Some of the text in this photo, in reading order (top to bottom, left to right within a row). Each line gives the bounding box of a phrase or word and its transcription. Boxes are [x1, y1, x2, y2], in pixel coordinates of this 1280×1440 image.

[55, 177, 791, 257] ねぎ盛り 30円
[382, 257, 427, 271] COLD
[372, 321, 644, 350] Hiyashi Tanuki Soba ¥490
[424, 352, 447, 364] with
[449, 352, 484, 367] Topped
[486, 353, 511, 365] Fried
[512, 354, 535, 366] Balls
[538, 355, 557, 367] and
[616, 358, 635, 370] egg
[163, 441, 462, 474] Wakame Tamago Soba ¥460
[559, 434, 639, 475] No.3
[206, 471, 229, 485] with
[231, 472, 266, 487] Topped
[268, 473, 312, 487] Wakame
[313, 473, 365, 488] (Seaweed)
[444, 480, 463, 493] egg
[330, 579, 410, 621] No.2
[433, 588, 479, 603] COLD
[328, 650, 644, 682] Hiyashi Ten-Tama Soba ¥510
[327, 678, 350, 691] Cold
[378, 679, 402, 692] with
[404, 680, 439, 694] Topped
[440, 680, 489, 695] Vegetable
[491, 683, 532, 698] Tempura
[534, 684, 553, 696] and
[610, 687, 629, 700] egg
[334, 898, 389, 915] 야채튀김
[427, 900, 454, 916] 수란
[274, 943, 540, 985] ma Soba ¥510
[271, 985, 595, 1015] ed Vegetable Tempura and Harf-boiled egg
***
● **GOAL OF THE EXERCISE**
Output the listing once more. Leave each word as it stands.

● **EXERCISE OUTPUT**
Some of the text in this photo, in reading order (top to bottom, left to right within a row). Each line gives the bounding box of a phrase or word and its transcription. Boxes are [x1, y1, x2, y2], in pixel coordinates of this 1280×1440 image.

[55, 177, 791, 257] ねぎ盛り 30円
[382, 257, 427, 271] COLD
[372, 321, 644, 350] Hiyashi Tanuki Soba ¥490
[424, 352, 447, 364] with
[449, 352, 484, 367] Topped
[486, 353, 511, 365] Fried
[512, 354, 535, 366] Balls
[538, 355, 557, 367] and
[616, 358, 635, 370] egg
[163, 441, 462, 474] Wakame Tamago Soba ¥460
[559, 434, 639, 475] No.3
[206, 471, 229, 485] with
[231, 472, 266, 487] Topped
[268, 473, 312, 487] Wakame
[313, 473, 365, 488] (Seaweed)
[444, 480, 463, 493] egg
[330, 579, 410, 621] No.2
[433, 588, 479, 603] COLD
[328, 650, 644, 682] Hiyashi Ten-Tama Soba ¥510
[327, 678, 350, 691] Cold
[378, 679, 402, 692] with
[404, 680, 439, 694] Topped
[440, 680, 489, 695] Vegetable
[491, 683, 532, 698] Tempura
[534, 684, 553, 696] and
[610, 687, 629, 700] egg
[334, 898, 389, 915] 야채튀김
[427, 900, 454, 916] 수란
[274, 943, 540, 985] ma Soba ¥510
[271, 985, 595, 1015] ed Vegetable Tempura and Harf-boiled egg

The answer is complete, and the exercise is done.